I'd give up Perl tomorrow if only...

Frank Tobin ftobin at neverending.org
Sun Jun 30 18:13:22 EDT 2002


Chris Liechti, on 2002-06-30, wrote:

> well it has. the module unittest provides all thats needed. the module just 
> needs a class derrived from unittest.TestSuite and the unittest module can 
> find the tests.

No it doesn't, for two reasons.

1) unittest is merely a testing framework, and there is no standard for 
using it from an extracted archive.

2) unittests are only one way to test; it is generally best suited for
small-unit testing.  I personally use it in conjunction with whole-program
blackbox tests.

Perl also has some fairly standard testing suites, but there is a wide
variety you can choose from.  However, the *interface* from an extracted 
Perl module is *always* "make test".

> its also a convention to have a test() function, but the former is more 
> powerful. yes, it should be used more widely.
> 
> > 3) a standard installation mechanism (Perl and Python do have)
> > 4) a standard README system (Perl has, Python doesn't)
> 
> i don't know the perl way but with python every object has a __doc__ 
> attribute, every module, class, function and method etc. and with pydoc 
> there is a standard extraction tool right in the standard distro. ever 
> tried it?

I'm very familiar with docstrings.  Perl also has its POD.  But each of
these is API information.  README's are a different sort.  dostrings do
not substitute for what a README is for:

1) description of the module
2) describes dependencies
3) other information that is not API-oriented

> as metioned above, python has all it needs, now if you talk of an
> organization that runs test on non-standard extension modules, no we
> don't have that right now. the python distro has good tests for the
> standard lib, but as there is no organization that distributes
> extensions, everyone is responsible for testing its modules. (there are
> collections of modules, like The Vaults of Parnassus:
> http://www.vex.net/parnassus/ or ActiveStates Programmer's Package
> Manager (PPM) but thats not as strong or established as CPAN)
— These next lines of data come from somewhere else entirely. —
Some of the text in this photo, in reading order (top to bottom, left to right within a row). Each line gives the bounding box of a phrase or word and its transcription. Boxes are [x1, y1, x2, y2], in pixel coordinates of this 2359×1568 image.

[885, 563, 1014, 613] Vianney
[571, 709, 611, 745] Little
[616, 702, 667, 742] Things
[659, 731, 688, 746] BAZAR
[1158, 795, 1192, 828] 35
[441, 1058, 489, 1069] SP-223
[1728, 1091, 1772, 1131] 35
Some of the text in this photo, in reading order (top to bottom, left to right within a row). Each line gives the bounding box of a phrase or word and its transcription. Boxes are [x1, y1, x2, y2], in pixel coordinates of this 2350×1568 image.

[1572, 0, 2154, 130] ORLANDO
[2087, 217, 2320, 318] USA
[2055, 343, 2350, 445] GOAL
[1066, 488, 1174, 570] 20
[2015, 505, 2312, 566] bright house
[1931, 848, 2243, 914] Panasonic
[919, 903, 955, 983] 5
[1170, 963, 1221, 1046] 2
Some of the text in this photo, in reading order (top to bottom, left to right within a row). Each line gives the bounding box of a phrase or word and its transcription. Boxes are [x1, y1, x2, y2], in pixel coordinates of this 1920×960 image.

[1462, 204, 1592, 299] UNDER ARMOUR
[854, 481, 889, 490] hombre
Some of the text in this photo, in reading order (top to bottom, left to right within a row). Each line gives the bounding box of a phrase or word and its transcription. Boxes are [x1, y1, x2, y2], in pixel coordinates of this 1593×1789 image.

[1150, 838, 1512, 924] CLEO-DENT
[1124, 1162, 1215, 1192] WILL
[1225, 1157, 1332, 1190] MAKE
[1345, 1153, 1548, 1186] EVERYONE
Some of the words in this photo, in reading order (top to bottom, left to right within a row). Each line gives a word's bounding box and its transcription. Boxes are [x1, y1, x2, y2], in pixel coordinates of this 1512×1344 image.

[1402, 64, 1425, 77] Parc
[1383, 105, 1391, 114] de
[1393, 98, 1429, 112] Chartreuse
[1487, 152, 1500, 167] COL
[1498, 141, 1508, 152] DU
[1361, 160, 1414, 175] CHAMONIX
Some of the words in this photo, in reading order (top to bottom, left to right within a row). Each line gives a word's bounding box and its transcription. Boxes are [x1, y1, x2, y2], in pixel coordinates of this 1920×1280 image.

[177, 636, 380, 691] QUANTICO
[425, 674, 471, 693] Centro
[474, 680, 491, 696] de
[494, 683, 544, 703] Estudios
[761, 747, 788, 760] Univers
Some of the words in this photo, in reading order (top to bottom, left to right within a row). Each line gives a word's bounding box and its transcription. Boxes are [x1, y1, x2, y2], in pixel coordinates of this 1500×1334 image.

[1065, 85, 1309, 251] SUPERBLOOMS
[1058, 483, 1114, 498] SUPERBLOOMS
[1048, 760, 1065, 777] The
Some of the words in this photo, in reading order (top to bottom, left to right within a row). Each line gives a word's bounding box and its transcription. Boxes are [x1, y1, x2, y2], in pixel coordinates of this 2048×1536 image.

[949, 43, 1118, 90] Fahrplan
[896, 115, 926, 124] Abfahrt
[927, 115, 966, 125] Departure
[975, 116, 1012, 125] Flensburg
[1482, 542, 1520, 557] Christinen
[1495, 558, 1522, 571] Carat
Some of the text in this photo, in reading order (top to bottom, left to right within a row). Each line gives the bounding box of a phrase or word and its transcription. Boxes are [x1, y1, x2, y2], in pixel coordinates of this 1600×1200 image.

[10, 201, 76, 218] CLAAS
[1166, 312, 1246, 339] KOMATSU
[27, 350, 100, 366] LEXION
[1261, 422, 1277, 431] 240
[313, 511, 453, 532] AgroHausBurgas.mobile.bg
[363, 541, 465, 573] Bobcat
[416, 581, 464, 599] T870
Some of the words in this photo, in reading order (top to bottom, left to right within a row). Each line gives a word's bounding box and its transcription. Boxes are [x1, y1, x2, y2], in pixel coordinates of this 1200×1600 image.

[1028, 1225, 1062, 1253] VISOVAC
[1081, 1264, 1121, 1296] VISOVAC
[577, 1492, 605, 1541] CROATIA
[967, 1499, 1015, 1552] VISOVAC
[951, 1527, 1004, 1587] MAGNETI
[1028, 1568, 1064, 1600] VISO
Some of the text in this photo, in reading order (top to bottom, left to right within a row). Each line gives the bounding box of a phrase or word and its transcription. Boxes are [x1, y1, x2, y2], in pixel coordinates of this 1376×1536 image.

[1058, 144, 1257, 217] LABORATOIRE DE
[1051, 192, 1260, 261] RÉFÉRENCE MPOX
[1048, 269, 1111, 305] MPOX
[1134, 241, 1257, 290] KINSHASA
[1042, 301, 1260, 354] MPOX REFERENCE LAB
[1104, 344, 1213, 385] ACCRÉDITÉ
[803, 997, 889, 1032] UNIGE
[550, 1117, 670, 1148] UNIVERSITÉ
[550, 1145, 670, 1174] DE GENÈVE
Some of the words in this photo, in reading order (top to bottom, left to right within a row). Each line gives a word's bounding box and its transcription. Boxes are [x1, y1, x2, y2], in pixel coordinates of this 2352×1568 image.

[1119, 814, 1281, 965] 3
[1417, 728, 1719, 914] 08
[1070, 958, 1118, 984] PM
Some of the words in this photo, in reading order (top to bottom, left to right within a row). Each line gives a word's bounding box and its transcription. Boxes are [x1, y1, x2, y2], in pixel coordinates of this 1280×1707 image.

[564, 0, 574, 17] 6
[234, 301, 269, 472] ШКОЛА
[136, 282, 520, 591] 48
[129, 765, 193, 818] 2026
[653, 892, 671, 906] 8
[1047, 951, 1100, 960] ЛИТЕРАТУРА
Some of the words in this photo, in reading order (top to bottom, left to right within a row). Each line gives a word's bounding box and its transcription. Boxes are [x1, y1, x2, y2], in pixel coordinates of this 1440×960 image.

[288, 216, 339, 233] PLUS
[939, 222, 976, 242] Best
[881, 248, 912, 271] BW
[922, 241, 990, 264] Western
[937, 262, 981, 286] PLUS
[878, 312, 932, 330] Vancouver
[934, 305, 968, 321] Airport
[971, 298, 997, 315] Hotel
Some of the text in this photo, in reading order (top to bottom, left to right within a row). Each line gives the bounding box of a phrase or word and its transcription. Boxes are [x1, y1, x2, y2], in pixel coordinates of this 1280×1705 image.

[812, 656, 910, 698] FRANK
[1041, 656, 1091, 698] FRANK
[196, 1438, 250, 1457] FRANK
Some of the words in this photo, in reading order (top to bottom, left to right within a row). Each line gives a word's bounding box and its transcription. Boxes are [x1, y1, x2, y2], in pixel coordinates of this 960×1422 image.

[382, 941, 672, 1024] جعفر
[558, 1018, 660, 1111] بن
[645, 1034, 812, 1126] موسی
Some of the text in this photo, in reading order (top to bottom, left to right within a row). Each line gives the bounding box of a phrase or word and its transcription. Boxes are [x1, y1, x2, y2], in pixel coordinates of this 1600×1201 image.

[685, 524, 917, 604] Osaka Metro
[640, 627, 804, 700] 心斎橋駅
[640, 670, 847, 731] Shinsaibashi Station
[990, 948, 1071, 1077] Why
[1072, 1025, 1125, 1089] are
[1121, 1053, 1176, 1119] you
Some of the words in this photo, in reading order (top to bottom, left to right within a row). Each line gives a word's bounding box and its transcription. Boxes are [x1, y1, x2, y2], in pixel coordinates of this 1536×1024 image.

Yes, I'm talking about non-bundled extension modules.  That's all we're 
talking about here.  The standard lib is irrevelant to the discussion.

I suggest that you be a Perl programmer for a while, and see what having
CPAN accessible and authoring for it really is like.  You explicitly state
you aren't familiar with it.  I've been author of a couple CPAN modules
for about 4 years now, and an extensive user for just as long, and have
been a Python module writer for just over a year now.  Python is a great
language, but in terms of a reusable code repository, *nothing* comes
close to the jewel that is CPAN.  There is a reason you'll hear this over
and over from people coming to Python from Perl.

The Vaults and PPM just don't hold a candle to CPAN.  For all practical
purposes, they are just big FTP repositories.